» REQUIRED WORK
Please make an exact transcription of the records, keeping the pictures out of it.

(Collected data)

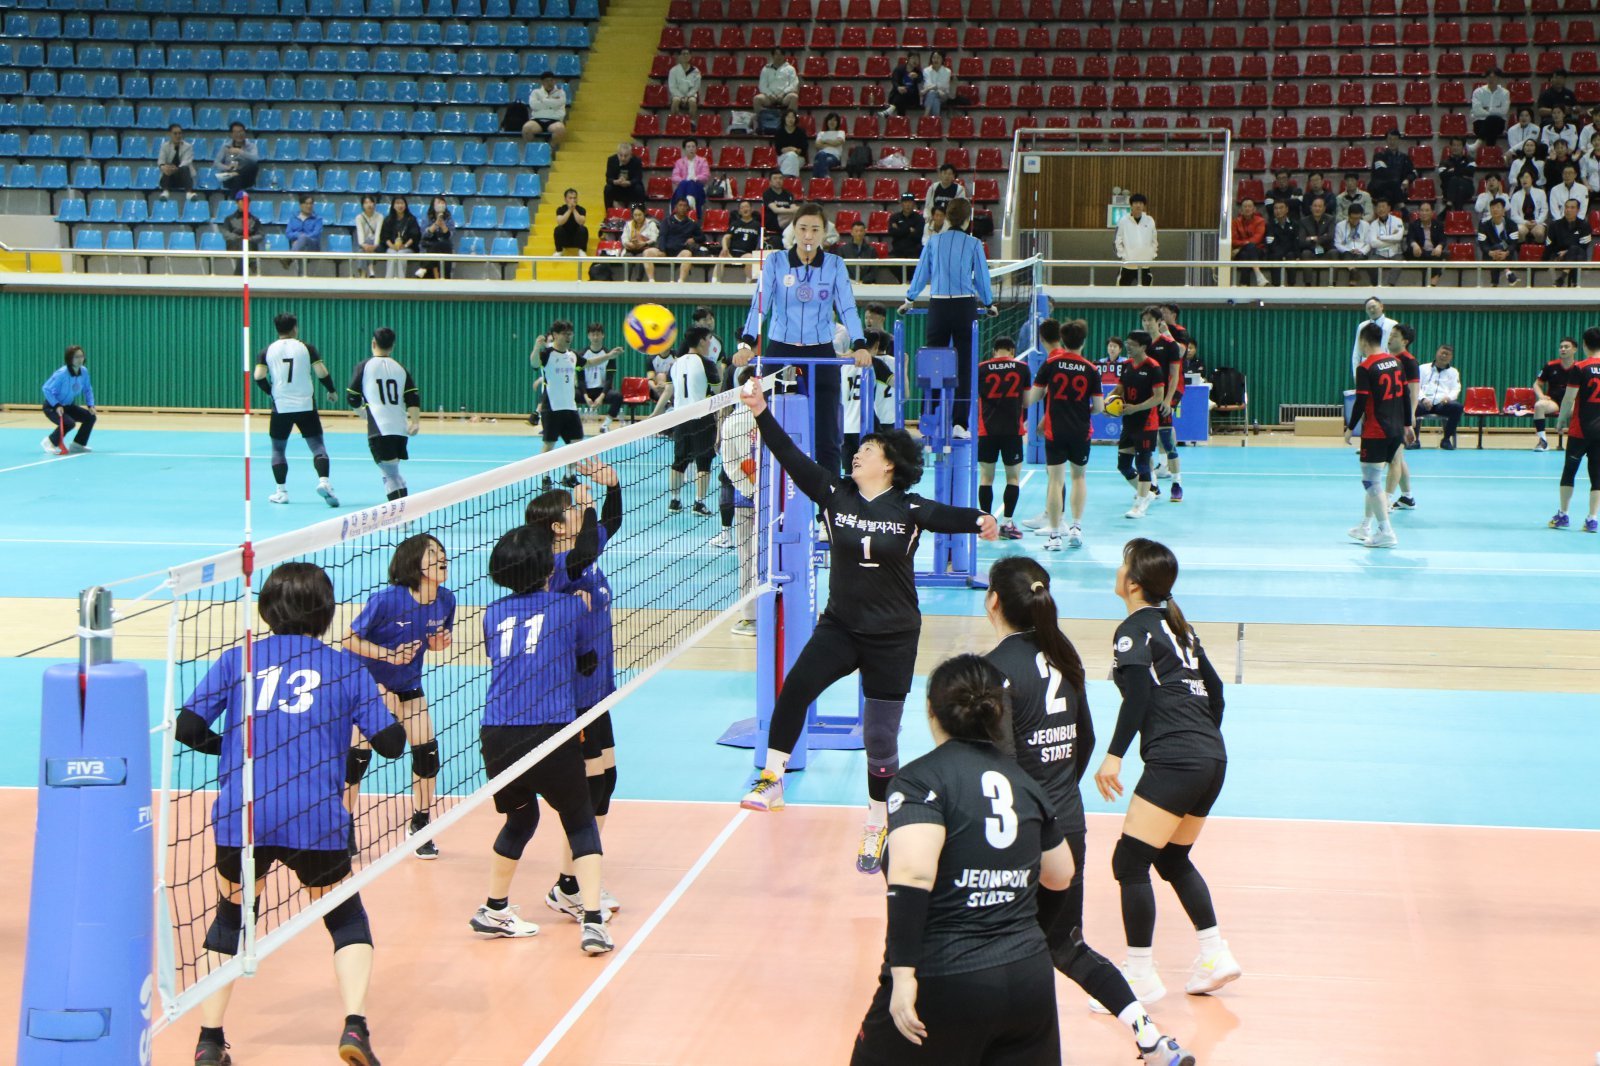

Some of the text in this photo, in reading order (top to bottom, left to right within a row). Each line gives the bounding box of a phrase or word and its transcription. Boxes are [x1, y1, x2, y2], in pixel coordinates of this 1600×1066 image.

[282, 358, 294, 383] 7
[988, 362, 1016, 371] ULSAN
[1058, 361, 1086, 372] ULSAN
[1377, 360, 1398, 371] ULSAN
[376, 378, 399, 405] 10
[683, 373, 689, 398] 1
[985, 371, 1021, 399] 22
[1052, 372, 1088, 401] 29
[1378, 370, 1404, 401] 25
[860, 536, 872, 560] 1
[496, 613, 546, 658] 11
[256, 665, 322, 714] 13
[1035, 651, 1067, 716] 2
[1027, 723, 1077, 746] JEONBUK
[1040, 743, 1073, 763] STATE
[67, 760, 105, 775] FIVB
[138, 806, 152, 823] FI
[981, 770, 1019, 850] 3
[954, 868, 1031, 889] JEONBUK

» TASK RESPONSE
Some of the text in this photo, in reading order (top to bottom, left to right within a row). Each line gives the bounding box of a phrase or word and its transcription. Boxes are [x1, y1, x2, y2], in pixel coordinates of this 1600×1066 image.

[282, 358, 294, 383] 7
[988, 362, 1016, 371] ULSAN
[1058, 361, 1086, 372] ULSAN
[1377, 360, 1398, 371] ULSAN
[376, 378, 399, 405] 10
[683, 373, 689, 398] 1
[985, 371, 1021, 399] 22
[1052, 372, 1088, 401] 29
[1378, 370, 1404, 401] 25
[860, 536, 872, 560] 1
[496, 613, 546, 658] 11
[256, 665, 322, 714] 13
[1035, 651, 1067, 716] 2
[1027, 723, 1077, 746] JEONBUK
[1040, 743, 1073, 763] STATE
[67, 760, 105, 775] FIVB
[138, 806, 152, 823] FI
[981, 770, 1019, 850] 3
[954, 868, 1031, 889] JEONBUK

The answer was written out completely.